The atmosphere in South Africa’s Western Cape High Court - where verbal war has erupted between judges - is frosty, and will get worse if their allegations are tested under oath at an inquiry. Tania Broughton reports.
Behind the scenes, the issues between Deputy Judge President Patricia Goliath and Judge President John Hlophe and his wife (and fellow judge) Gayaat Salie-Hlophe, have been simmering for a while.
Last week, in an unprecedented move, Judge Goliath penned a 14-page document to the Judicial Services Commission in which she accused the pair of gross misconduct.
Judges Matter, a Cape Town-based organisation which advocates for transparency in the judiciary, summarised her key complaints:
She alleges that Judge Hlophe made decisions on case allocations based on criteria he should not have used, such as giving his wife preference and allowing her to be the judge in a high profile wife-killing matter;
She alleges mismanagement in the appointment of acting judges and undue influence by Judge Salie-Hlophe;
She alleges that Judge Hlophe assaulted a fellow judge.

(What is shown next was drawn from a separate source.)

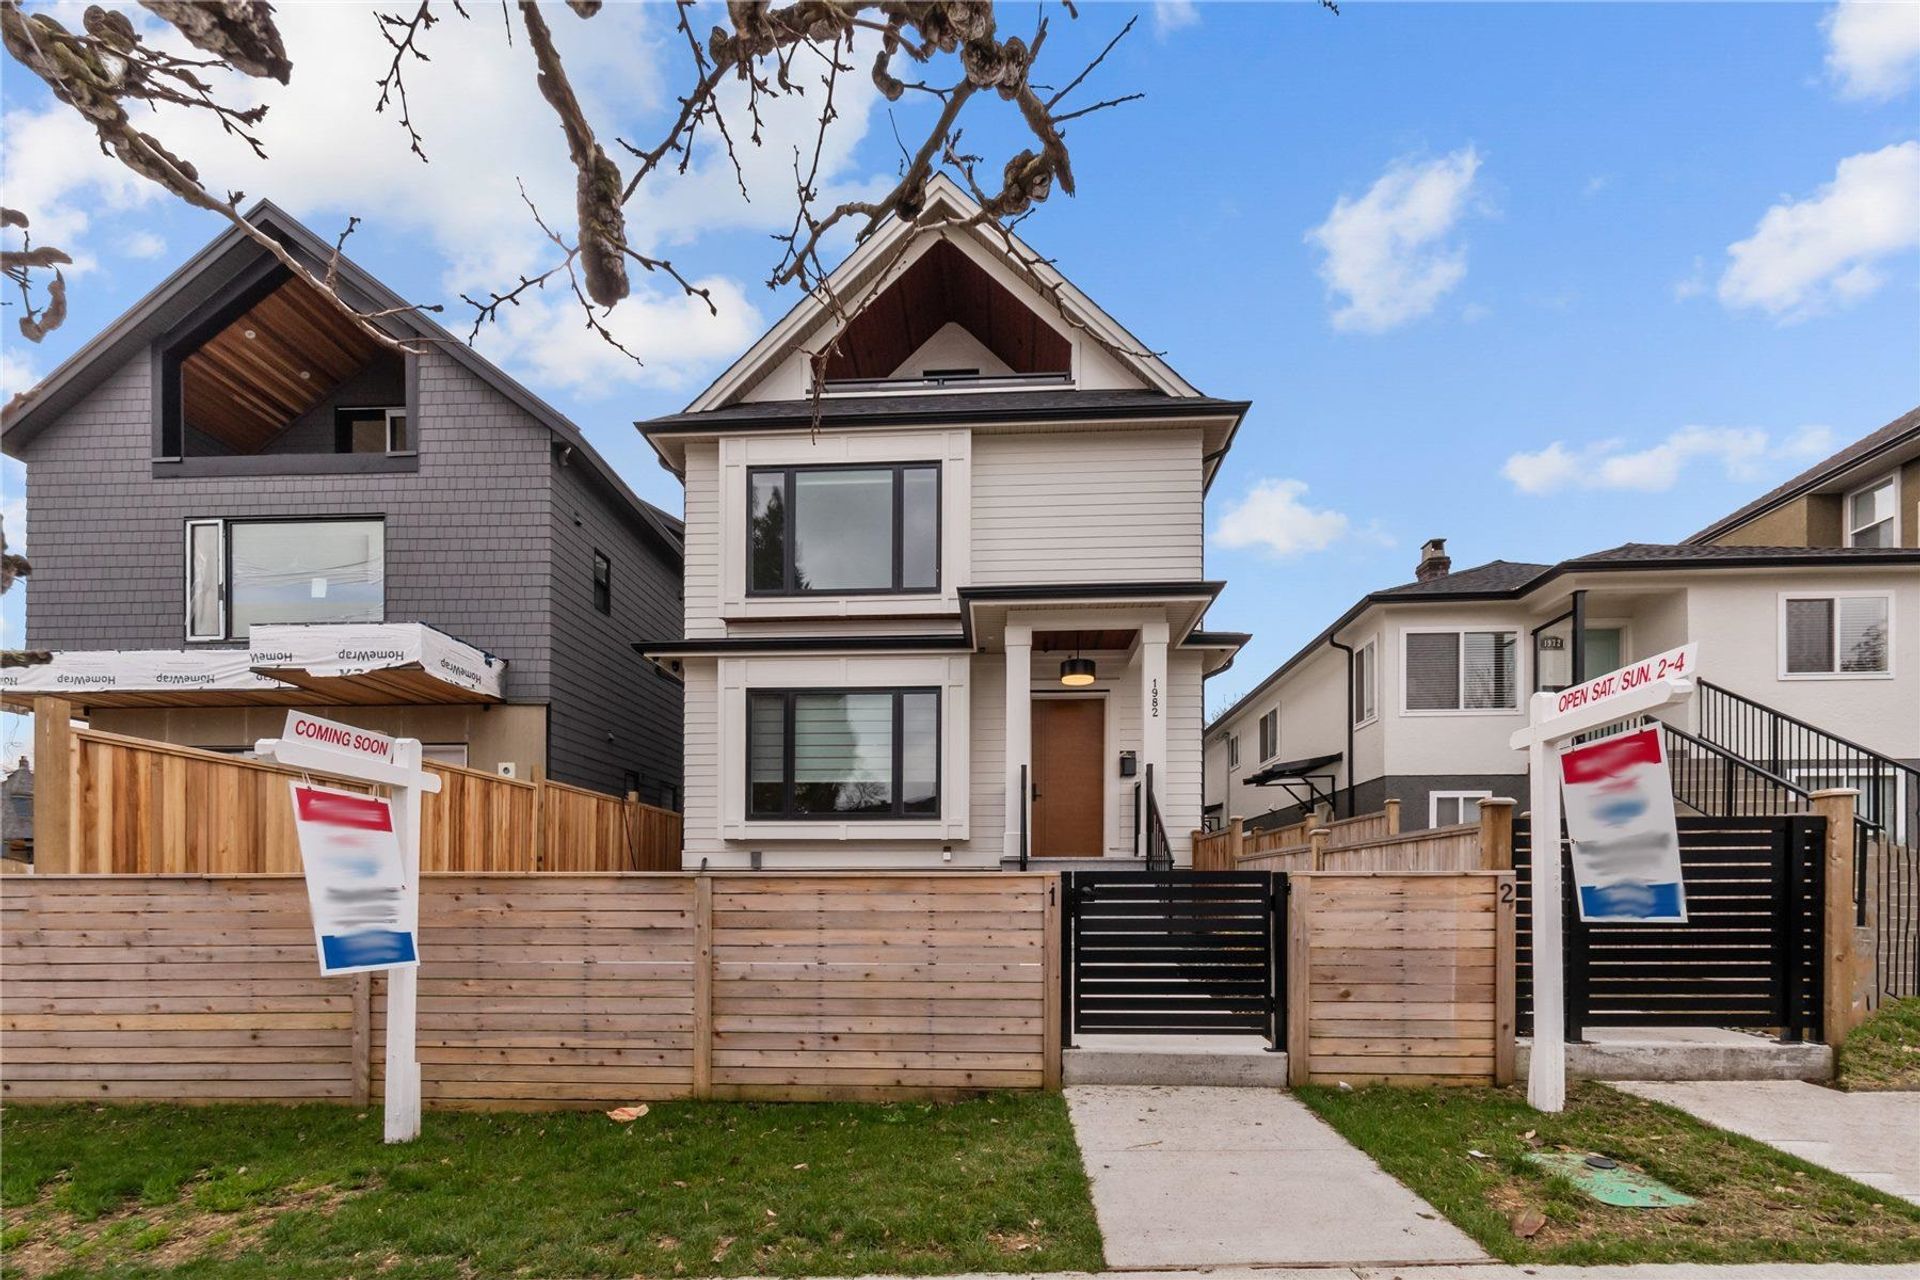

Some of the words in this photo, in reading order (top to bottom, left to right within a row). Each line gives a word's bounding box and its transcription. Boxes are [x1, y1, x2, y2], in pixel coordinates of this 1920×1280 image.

She suggests that he has, in effect, suspended her as DJP, or ‘withdrawn my duties’ as she puts it.
She also alleges that, when Judge Hlophe was absent from the court, she was told that he had appointed a junior judge to perform the actions of an acting judge president,. “This, if true, would contravene the provisions of the Superior Courts Act, which says that the DJP must exercise the powers of the JP as the acting JP in that division,” Judges Matter said.
The allegations are serious, it says.
The couple, through their lawyer, have dismissed them, saying they are “gossip, rumour-mongering and information allegedly obtained from the grapevine”.
In a longer statement, released by Salie-Hlophe, she alleges that Goliath has an “unhealthy obsession” in her marriage. She denies wielding power or influence in the division.
Salie-Hlophe also says she was “collateral damage” in the attack on her husband aimed at ousting him so that Goliath could take up the top post.
The online Daily Maverick reported that the Cape Bar Council had called on Chief Justice Mogoeng Mogoeng to place the three judges on leave while the complaints were investigated.
But, the Chief Justice declined to intervene saying the matter would be dealt with by the Judicial Conduct Committee and he was not legally empowered to act against them.
Judges Matter says, if the Judicial Conduct Committee finds that the complaint requires further investigation, it will recommend to the JSC that a Judicial Conduct Tribunal be established.
The three-person tribunal will include two judges. Its findings will then be assessed by the Judicial Services Commission and “if they think a case for impeachment is made out, it will be sent to Parliament for a vote”.
There is a provision for a judge to be suspended, or placed on special leave, pending the outcome of the inquiry.